INTERDETTO SUL DOMINIO CONTINENTALE DEL RE E SULLA SUA PERSONA

   La fine tragica del primate ha commosso il re d’Inghilterra, cosciente di aver suscitato, con le sue parole imprudenti, l’assassinio del 29 dicembre. Soffre per il timore delle censure che egli non può evitare. Alla notizia del martirio dell’arcivescovo di Canterbury, i dignitari del regno di Francia, il re Luigi VII, profondamente indignati, scrivono al Papa per indurlo a punire i colpevoli; e indicano in particolare il re di Inghilterra, l’arcivescovo di York e il vescovo di Londra. L’opinione pubblica carica la coscienza del Plantageneto della più abominevole responsabilità poiché il martire è stato ucciso da persone di fiducia del re. L’assassinio del cardinale inflessibile ha risvolti religiosi e politici in tutta Europa.

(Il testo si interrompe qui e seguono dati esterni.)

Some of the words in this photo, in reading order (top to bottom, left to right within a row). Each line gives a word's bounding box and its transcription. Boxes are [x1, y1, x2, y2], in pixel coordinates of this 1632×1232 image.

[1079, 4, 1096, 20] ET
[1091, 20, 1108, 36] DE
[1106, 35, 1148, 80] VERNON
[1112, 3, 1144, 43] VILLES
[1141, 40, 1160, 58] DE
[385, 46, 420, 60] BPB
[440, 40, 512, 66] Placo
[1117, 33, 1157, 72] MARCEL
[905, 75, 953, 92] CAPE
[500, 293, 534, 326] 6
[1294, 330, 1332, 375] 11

   l’arcivescovo di Sens, in virtù del potere ricevuto di legato della sede Apostolica, promulga il 25 gennaio del 1171, l’interdetto sulla terra continentale di dominio di Enrico II, nonostante un intervento dei vescovi di Lisieux e di Evreux con altri di parte regia che, dopo la costernazione dei primi giorni, si sforzano di allontanare le sanzioni spirituali. Contro la promulgazione dell’interdetto, essi interpongono l’appello al Papa al fine di patrocinare la causa del re e quella dei prelati colpiti di scomunica e di sospensione dagli uffici sacerdotali.

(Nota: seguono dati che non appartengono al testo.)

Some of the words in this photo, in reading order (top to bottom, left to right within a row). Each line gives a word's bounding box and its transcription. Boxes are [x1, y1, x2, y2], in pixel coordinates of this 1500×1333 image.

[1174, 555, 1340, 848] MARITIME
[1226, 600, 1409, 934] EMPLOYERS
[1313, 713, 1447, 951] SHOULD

   Per l’assassinio del cardinale arcivescovo Tommaso Becket, il 25 marzo, giovedì santo, Alessandro III pronuncia la scomunica generale sugli assassini e su tutti coloro che hanno prestato l’assistenza, il consiglio o dato il consenso al reato. Conferma l’interdetto lanciato da Guglielmo di Sens, e la scomunica del vescovo di Londra e di quello di Salisburgo; la sospensione dell’arcivescovo di York, già promulgate dal primate martirizzato. Il Papa infine colpisce Enrico II, re d’Inghilterra, di interdetto per non entrare nelle chiese.

   La canonizzazione di san Tommaso Becket è celebrata da Alessandro III il 21 febbraio 1173 dichiarandolo “martire del diritto canonico e della Chiesa”. La frequenza dei pellegrinaggi al sepolcro nella cattedrale di Canterbury diviene tale da eguagliare quella al ben noto Santiago de Compostella.

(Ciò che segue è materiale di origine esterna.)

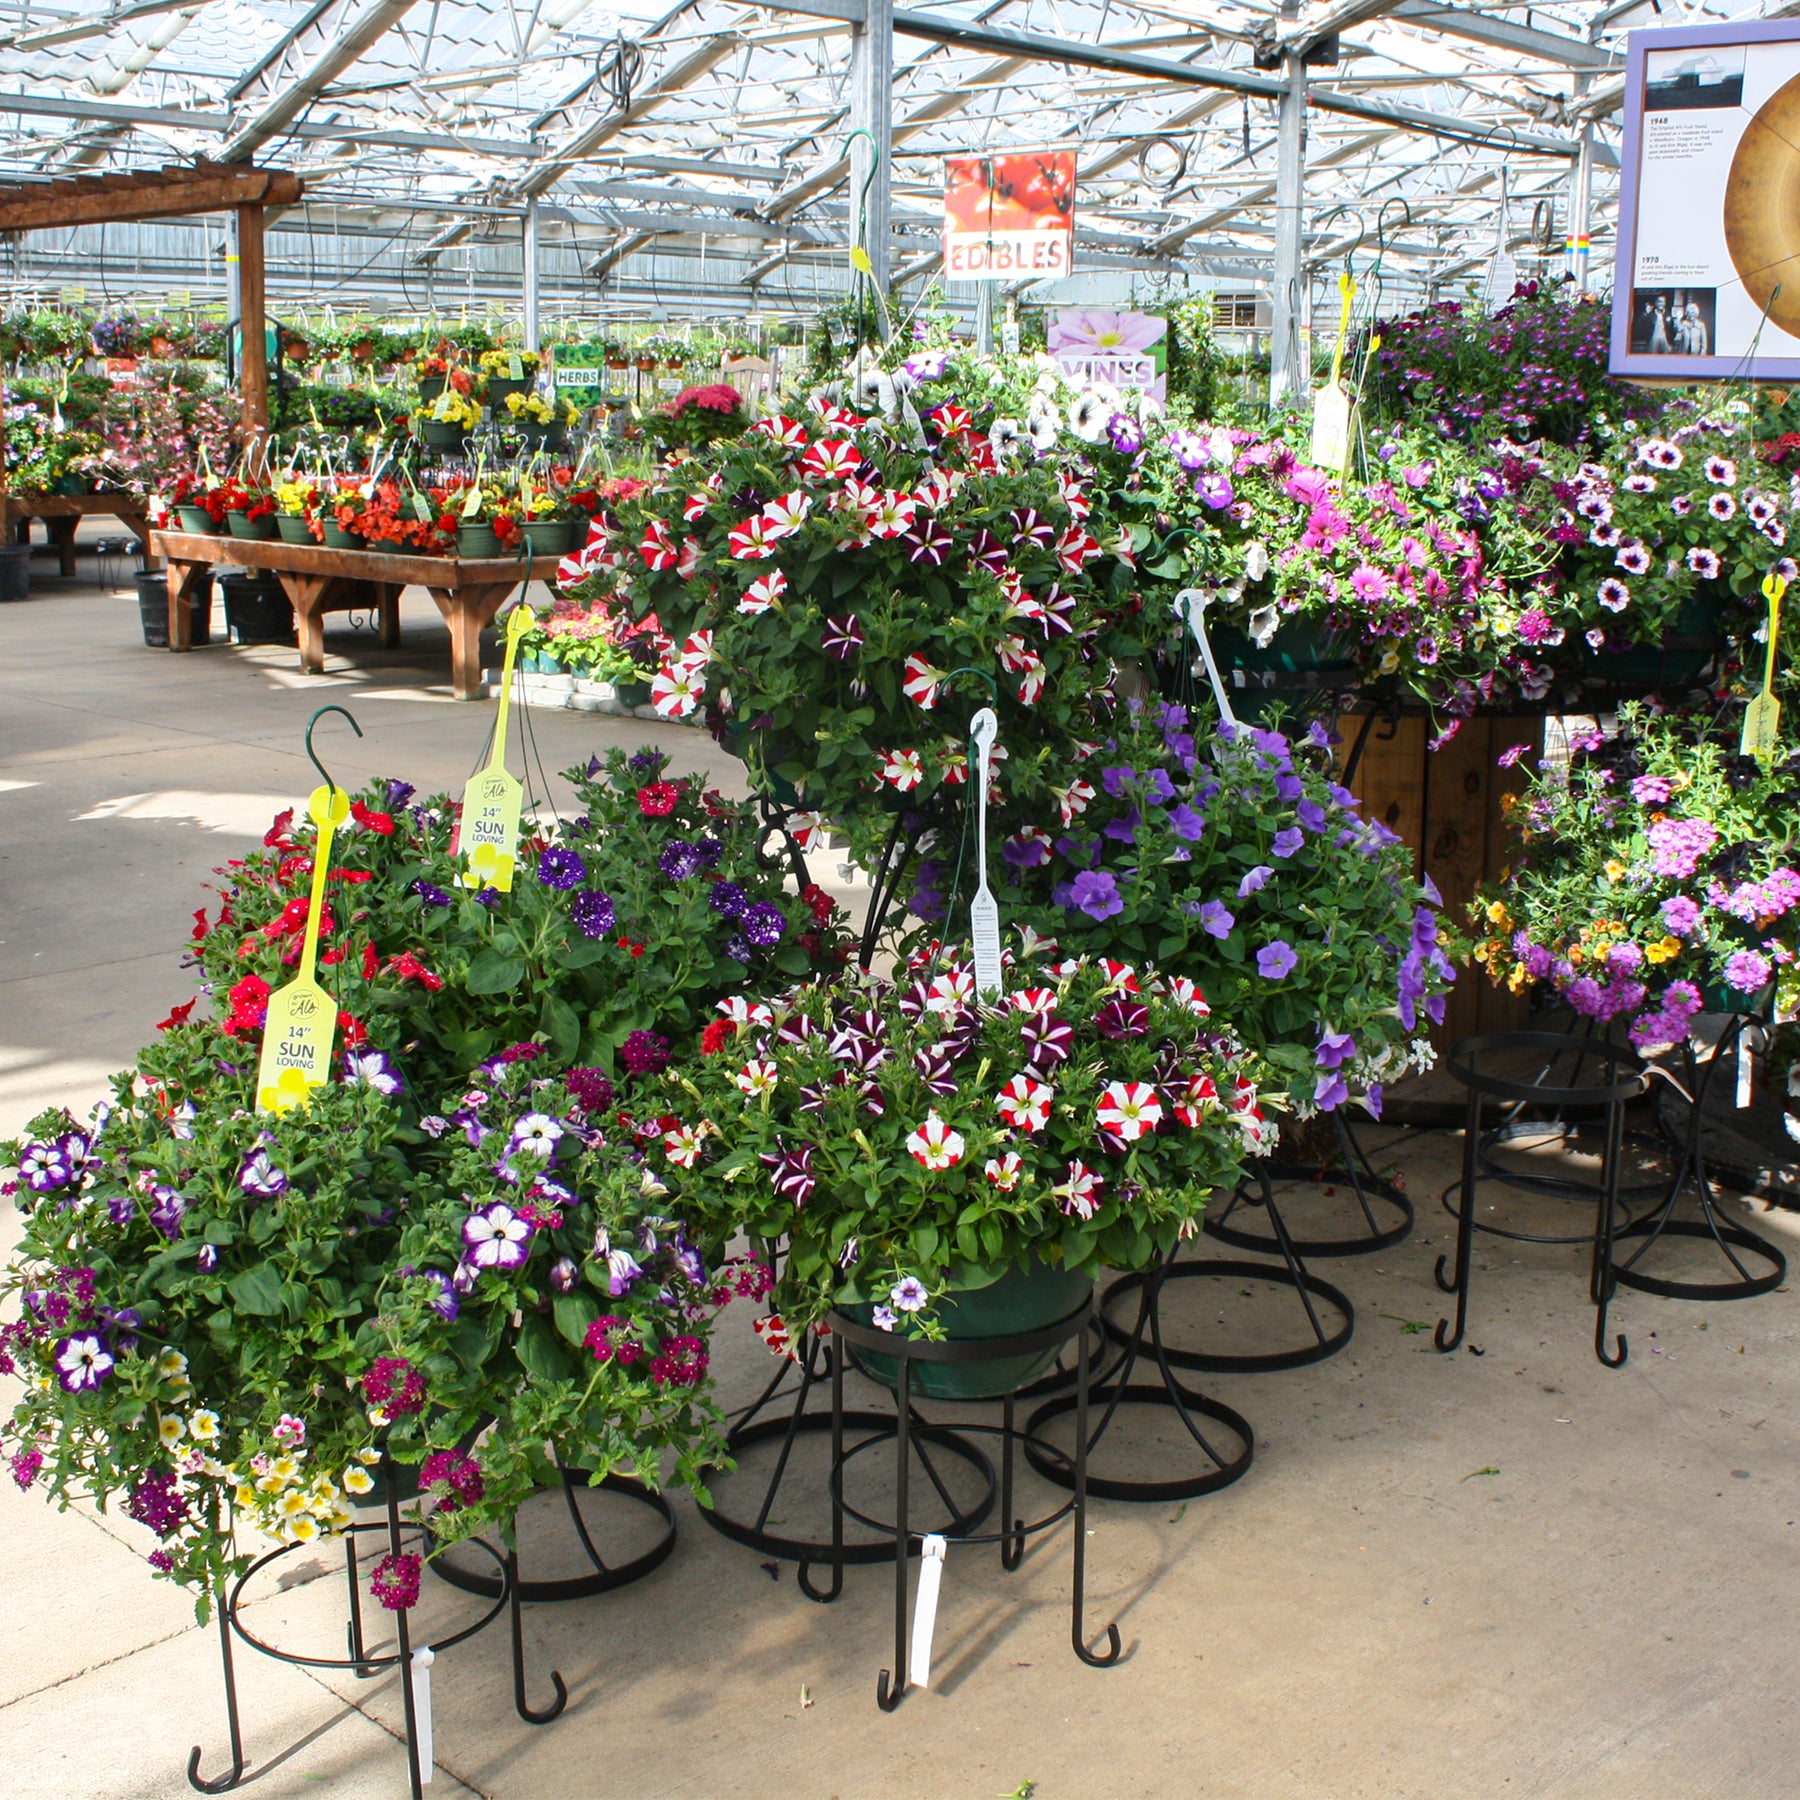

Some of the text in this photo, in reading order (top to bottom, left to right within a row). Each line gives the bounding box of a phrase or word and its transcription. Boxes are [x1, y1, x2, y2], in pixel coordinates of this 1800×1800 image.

   Il martire san Tommaso Becket rimane una delle figure più rilevanti della Chiesa medievale. Una prestigiosa reliquia si conserva in Italia nella cattedrale di Fermo (FM). Molte le chiese a lui dedicate. La sua iconografia è diffusissima in Inghilterra ed in Europa, con i segni della palma da martire, della spada, del modellino di chiesa, del libro, del razionale e del pastorale.